**DIRECTIONS:** A word-for-word transcription of every record is needed.

**TASK INPUT:**
════
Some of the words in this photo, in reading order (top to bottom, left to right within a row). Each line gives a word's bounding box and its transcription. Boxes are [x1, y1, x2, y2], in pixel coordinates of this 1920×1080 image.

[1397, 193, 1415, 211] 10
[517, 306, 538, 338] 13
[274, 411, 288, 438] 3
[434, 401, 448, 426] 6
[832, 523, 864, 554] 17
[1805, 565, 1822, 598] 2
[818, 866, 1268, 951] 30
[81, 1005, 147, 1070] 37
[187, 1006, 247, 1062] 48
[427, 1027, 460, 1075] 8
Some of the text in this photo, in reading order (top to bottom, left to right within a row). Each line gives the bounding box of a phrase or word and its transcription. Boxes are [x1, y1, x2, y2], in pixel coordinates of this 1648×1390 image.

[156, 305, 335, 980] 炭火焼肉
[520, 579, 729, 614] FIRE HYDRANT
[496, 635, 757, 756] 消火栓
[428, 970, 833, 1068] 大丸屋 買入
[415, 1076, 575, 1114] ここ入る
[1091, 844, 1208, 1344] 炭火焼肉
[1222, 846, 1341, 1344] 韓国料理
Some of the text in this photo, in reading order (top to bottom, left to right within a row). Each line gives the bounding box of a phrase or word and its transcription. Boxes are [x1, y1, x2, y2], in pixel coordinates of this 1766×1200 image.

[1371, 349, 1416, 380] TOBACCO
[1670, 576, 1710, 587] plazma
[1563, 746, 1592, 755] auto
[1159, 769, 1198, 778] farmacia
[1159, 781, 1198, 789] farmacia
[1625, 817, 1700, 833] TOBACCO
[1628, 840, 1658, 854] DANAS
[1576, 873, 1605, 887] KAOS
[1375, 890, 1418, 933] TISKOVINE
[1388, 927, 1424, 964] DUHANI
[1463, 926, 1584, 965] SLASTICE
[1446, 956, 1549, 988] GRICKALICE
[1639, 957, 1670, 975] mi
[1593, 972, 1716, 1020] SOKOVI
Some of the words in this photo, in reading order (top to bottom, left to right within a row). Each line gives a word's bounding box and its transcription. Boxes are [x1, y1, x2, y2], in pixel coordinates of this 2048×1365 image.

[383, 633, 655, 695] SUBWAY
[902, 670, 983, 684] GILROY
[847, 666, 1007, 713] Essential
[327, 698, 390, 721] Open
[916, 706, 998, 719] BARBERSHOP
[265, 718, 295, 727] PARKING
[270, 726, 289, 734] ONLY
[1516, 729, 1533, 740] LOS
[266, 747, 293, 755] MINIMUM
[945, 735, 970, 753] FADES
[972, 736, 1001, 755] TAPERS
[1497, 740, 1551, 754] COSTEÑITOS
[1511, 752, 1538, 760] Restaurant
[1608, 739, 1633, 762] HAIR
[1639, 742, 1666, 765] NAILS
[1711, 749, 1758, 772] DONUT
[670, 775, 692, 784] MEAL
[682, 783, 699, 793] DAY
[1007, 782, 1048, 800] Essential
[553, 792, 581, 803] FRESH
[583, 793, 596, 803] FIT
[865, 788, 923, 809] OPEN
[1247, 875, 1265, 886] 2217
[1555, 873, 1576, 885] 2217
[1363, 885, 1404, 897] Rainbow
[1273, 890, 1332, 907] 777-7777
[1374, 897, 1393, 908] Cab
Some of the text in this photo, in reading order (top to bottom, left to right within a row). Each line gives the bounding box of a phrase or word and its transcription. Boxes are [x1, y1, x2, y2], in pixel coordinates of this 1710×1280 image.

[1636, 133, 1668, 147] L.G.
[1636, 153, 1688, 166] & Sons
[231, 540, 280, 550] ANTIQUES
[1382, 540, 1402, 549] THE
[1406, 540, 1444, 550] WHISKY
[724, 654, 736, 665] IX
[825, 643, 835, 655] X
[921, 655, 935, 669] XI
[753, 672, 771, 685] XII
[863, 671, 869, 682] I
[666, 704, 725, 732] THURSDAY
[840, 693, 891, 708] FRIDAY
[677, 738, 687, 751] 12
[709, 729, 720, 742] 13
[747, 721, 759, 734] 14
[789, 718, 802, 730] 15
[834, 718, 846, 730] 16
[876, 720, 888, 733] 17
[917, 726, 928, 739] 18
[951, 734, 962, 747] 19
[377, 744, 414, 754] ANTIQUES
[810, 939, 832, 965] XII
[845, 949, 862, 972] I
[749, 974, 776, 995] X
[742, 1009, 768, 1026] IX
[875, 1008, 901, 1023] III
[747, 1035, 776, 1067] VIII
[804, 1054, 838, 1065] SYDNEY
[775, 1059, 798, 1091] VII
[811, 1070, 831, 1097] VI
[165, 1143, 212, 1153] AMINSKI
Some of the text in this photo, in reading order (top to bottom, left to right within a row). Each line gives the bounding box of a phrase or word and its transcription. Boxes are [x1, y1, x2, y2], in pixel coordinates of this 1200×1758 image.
════
**EXERCISE RESULT:**
Some of the words in this photo, in reading order (top to bottom, left to right within a row). Each line gives a word's bounding box and its transcription. Boxes are [x1, y1, x2, y2], in pixel coordinates of this 1920×1080 image.

[1397, 193, 1415, 211] 10
[517, 306, 538, 338] 13
[274, 411, 288, 438] 3
[434, 401, 448, 426] 6
[832, 523, 864, 554] 17
[1805, 565, 1822, 598] 2
[818, 866, 1268, 951] 30
[81, 1005, 147, 1070] 37
[187, 1006, 247, 1062] 48
[427, 1027, 460, 1075] 8
Some of the text in this photo, in reading order (top to bottom, left to right within a row). Each line gives the bounding box of a phrase or word and its transcription. Boxes are [x1, y1, x2, y2], in pixel coordinates of this 1648×1390 image.

[156, 305, 335, 980] 炭火焼肉
[520, 579, 729, 614] FIRE HYDRANT
[496, 635, 757, 756] 消火栓
[428, 970, 833, 1068] 大丸屋 買入
[415, 1076, 575, 1114] ここ入る
[1091, 844, 1208, 1344] 炭火焼肉
[1222, 846, 1341, 1344] 韓国料理
Some of the text in this photo, in reading order (top to bottom, left to right within a row). Each line gives the bounding box of a phrase or word and its transcription. Boxes are [x1, y1, x2, y2], in pixel coordinates of this 1766×1200 image.

[1371, 349, 1416, 380] TOBACCO
[1670, 576, 1710, 587] plazma
[1563, 746, 1592, 755] auto
[1159, 769, 1198, 778] farmacia
[1159, 781, 1198, 789] farmacia
[1625, 817, 1700, 833] TOBACCO
[1628, 840, 1658, 854] DANAS
[1576, 873, 1605, 887] KAOS
[1375, 890, 1418, 933] TISKOVINE
[1388, 927, 1424, 964] DUHANI
[1463, 926, 1584, 965] SLASTICE
[1446, 956, 1549, 988] GRICKALICE
[1639, 957, 1670, 975] mi
[1593, 972, 1716, 1020] SOKOVI
Some of the words in this photo, in reading order (top to bottom, left to right within a row). Each line gives a word's bounding box and its transcription. Boxes are [x1, y1, x2, y2], in pixel coordinates of this 2048×1365 image.

[383, 633, 655, 695] SUBWAY
[902, 670, 983, 684] GILROY
[847, 666, 1007, 713] Essential
[327, 698, 390, 721] Open
[916, 706, 998, 719] BARBERSHOP
[265, 718, 295, 727] PARKING
[270, 726, 289, 734] ONLY
[1516, 729, 1533, 740] LOS
[266, 747, 293, 755] MINIMUM
[945, 735, 970, 753] FADES
[972, 736, 1001, 755] TAPERS
[1497, 740, 1551, 754] COSTEÑITOS
[1511, 752, 1538, 760] Restaurant
[1608, 739, 1633, 762] HAIR
[1639, 742, 1666, 765] NAILS
[1711, 749, 1758, 772] DONUT
[670, 775, 692, 784] MEAL
[682, 783, 699, 793] DAY
[1007, 782, 1048, 800] Essential
[553, 792, 581, 803] FRESH
[583, 793, 596, 803] FIT
[865, 788, 923, 809] OPEN
[1247, 875, 1265, 886] 2217
[1555, 873, 1576, 885] 2217
[1363, 885, 1404, 897] Rainbow
[1273, 890, 1332, 907] 777-7777
[1374, 897, 1393, 908] Cab
Some of the text in this photo, in reading order (top to bottom, left to right within a row). Each line gives the bounding box of a phrase or word and its transcription. Boxes are [x1, y1, x2, y2], in pixel coordinates of this 1710×1280 image.

[1636, 133, 1668, 147] L.G.
[1636, 153, 1688, 166] & Sons
[231, 540, 280, 550] ANTIQUES
[1382, 540, 1402, 549] THE
[1406, 540, 1444, 550] WHISKY
[724, 654, 736, 665] IX
[825, 643, 835, 655] X
[921, 655, 935, 669] XI
[753, 672, 771, 685] XII
[863, 671, 869, 682] I
[666, 704, 725, 732] THURSDAY
[840, 693, 891, 708] FRIDAY
[677, 738, 687, 751] 12
[709, 729, 720, 742] 13
[747, 721, 759, 734] 14
[789, 718, 802, 730] 15
[834, 718, 846, 730] 16
[876, 720, 888, 733] 17
[917, 726, 928, 739] 18
[951, 734, 962, 747] 19
[377, 744, 414, 754] ANTIQUES
[810, 939, 832, 965] XII
[845, 949, 862, 972] I
[749, 974, 776, 995] X
[742, 1009, 768, 1026] IX
[875, 1008, 901, 1023] III
[747, 1035, 776, 1067] VIII
[804, 1054, 838, 1065] SYDNEY
[775, 1059, 798, 1091] VII
[811, 1070, 831, 1097] VI
[165, 1143, 212, 1153] AMINSKI
Some of the text in this photo, in reading order (top to bottom, left to right within a row). Each line gives the bounding box of a phrase or word and its transcription. Boxes are [x1, y1, x2, y2], in pixel coordinates of this 1200×1758 image.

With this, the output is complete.